Nuovo carcere, sovraffollato e isolato

Troppi detenuti, poco personale, operazioni rallentate. E spese di gestione altissime: ogni mese 25 mila euro di bollette


di Giuliano Lott


TRENTO. Già la posizione decentrata, in aperta periferia, fa apparire il carcere come un luogo di estremo isolamento. Il “fortino” di Spini di Gardolo ha un aspetto impenetrabile, lontano dagli sguardi dei cittadini. Il vecchio carcere di via Pilati soffriva di certo altri difetti, ma era almeno in centro città, sotto l'occhio dei trentini: l'idea che se ne trae é che fosse più trasparente, più“controllato” dal comune senso civico.

Ma indietro non si torna, tanto più dopo un investimento di oltre 112 milioni di euro, tanto è costata la struttura che doveva migliorare la vita dei detenuti rispetto alle vetuste celle del vecchio carcere. Sulla carta, sembra così. Ma basta grattare sotto l'apparente neutralità dei numeri e si scopre che il nuovo carcere soffre di sovraffollamento: ad oggi sono quasi 300 i detenuti, contro il limite massimo teorico di 240 (fissato da un preciso accordo tra Provincia e Stato), nei 18 mila metri quadrati compresi tra le robuste mura. Le celle sarebbero in teoria da due posti, ma ormai parecchie sono state arricchite di un letto a castello in modo da poter ospitare tre persone. A ciò va sommata l'endemica carenza di personale: gli agenti di polizia penitenziaria dovrebbero essere 240, ma in realtà sono 176, di cui solo 138 effettivi poiché gli altri 38 sono distaccati ad altri servizi. La principale conseguenza della scarsità di organico comporta che le celle rimangano chiuse per 20 ore su 24, di più rispetto agli altri carceri italiani. Per consentire un minimo di agio in più ai detenuti, servirebbero più agenti di sorveglianza. La penuria di organico si riflette in un servizio sovente rallentato, anche l'accompagnamento per una banale visita medica o per un colloquio con l'avvocato possono richiedere ore di attesa.

A Gardolo la struttura carceraria, modernissima, gode di un efficiente impianto di videosorveglianza, ma mentre fino al 31 dicembre 2012 la cura e la manutenzione della casa circondariale era in capo alla Provincia, dal primo gennaio è passata in carico al ministero. Senza peccare di sfiducia, se per cambiare una lampadina serve il placet da Roma, immaginiamoci quanto bisogna attendere per riparare una delle preziose telecamere a circuito chiuso in avaria, o per risolvere la perdita di una tubatura nei bagni.

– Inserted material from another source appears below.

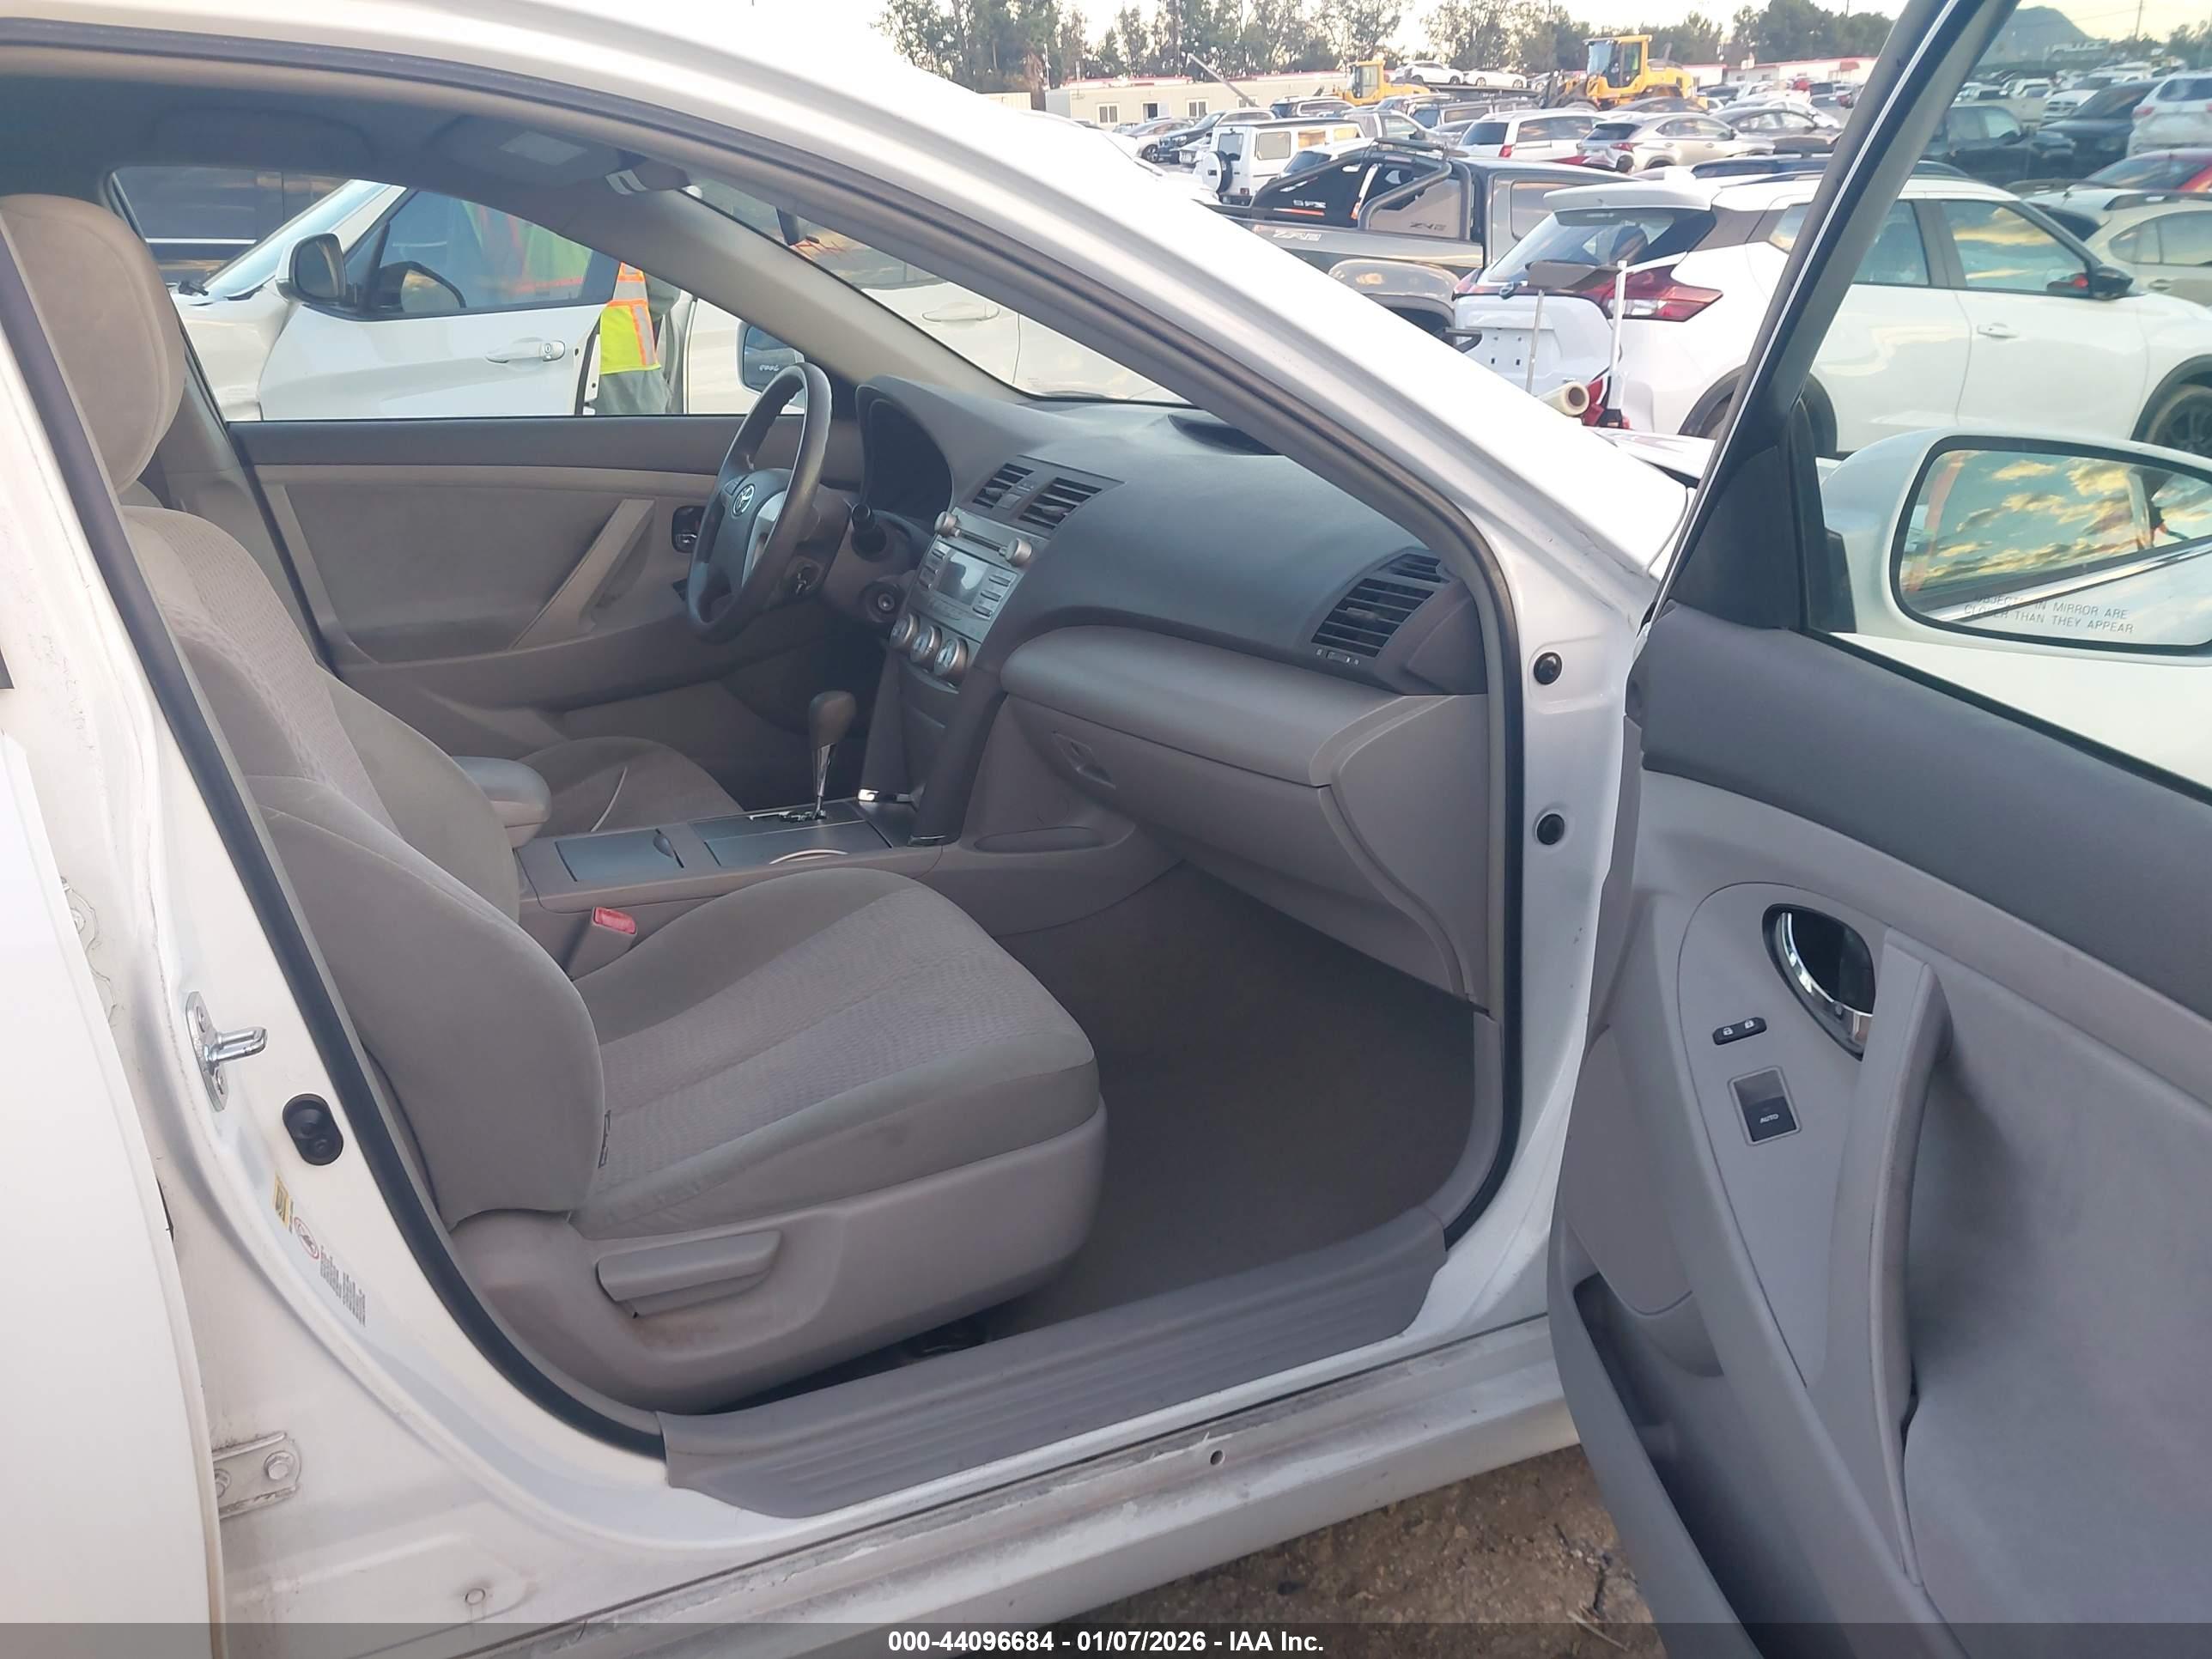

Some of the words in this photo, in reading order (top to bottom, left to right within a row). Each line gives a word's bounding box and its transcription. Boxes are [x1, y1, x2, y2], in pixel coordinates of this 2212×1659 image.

Il carcere di Spini, per quanto all'avanguardia, soffre di alcune pecche legate alla progettazione, di parecchio antecedente alla “spending review”: forse il presidente del consiglio Monti inorridirebbe nel sapere che ogni mese la casa circondariale paga 25 mila euro di bolletta. Sui 18 mila metri quadri del carcere trentino non c'è nemmeno un pannello fotovoltaico. Basterebbe ricoprirne i tetti per abbattere in maniera drastica gli elevatissimi costi di gestione.

Il carcere è al tempo stesso una struttura penitenziaria, dove si espia una pena definitiva, ma anche un luogo dove il detenuto dovrebbe poter cercare un riscatto per un concreto recupero sociale: scontata la pena, il condannato deve aver un'opportunità di reinserimento in società. Ciò avviene attraverso percorsi formativi, di cui si occupano diverse cooperative sociali attive all'interno del carcere: Kiné ad esempio sta digitalizzando i documenti cartacei del servizio acqua grazie al lavoro dei detenuti, Il Gabbiano impiega altri detenuti nel servizio lavanderia, Alpi e Caleidoscopio (coordinate da Consolida) si occupano dell'assemblaggio dei sacchetti di carta per raccogliere le deiezioni canine. E poi ci sono i volontari dell'Associazione Auto mutuo aiuto (Ama) e della Caritas. Ma sul versante del recupero, lo stato dell'arte non è incoraggiante. Ogni detenuto lavora in media due mesi all'anno. Poco, per poter imparare un mestiere, e anche per evitare di tornare in carcere: il condannato che consegue una qualificazione professionale ha una probabilità inferiore di incorrere in una recidiva (1%) rispetto a uno che passa il tempo a guardare dalla finestra (68%).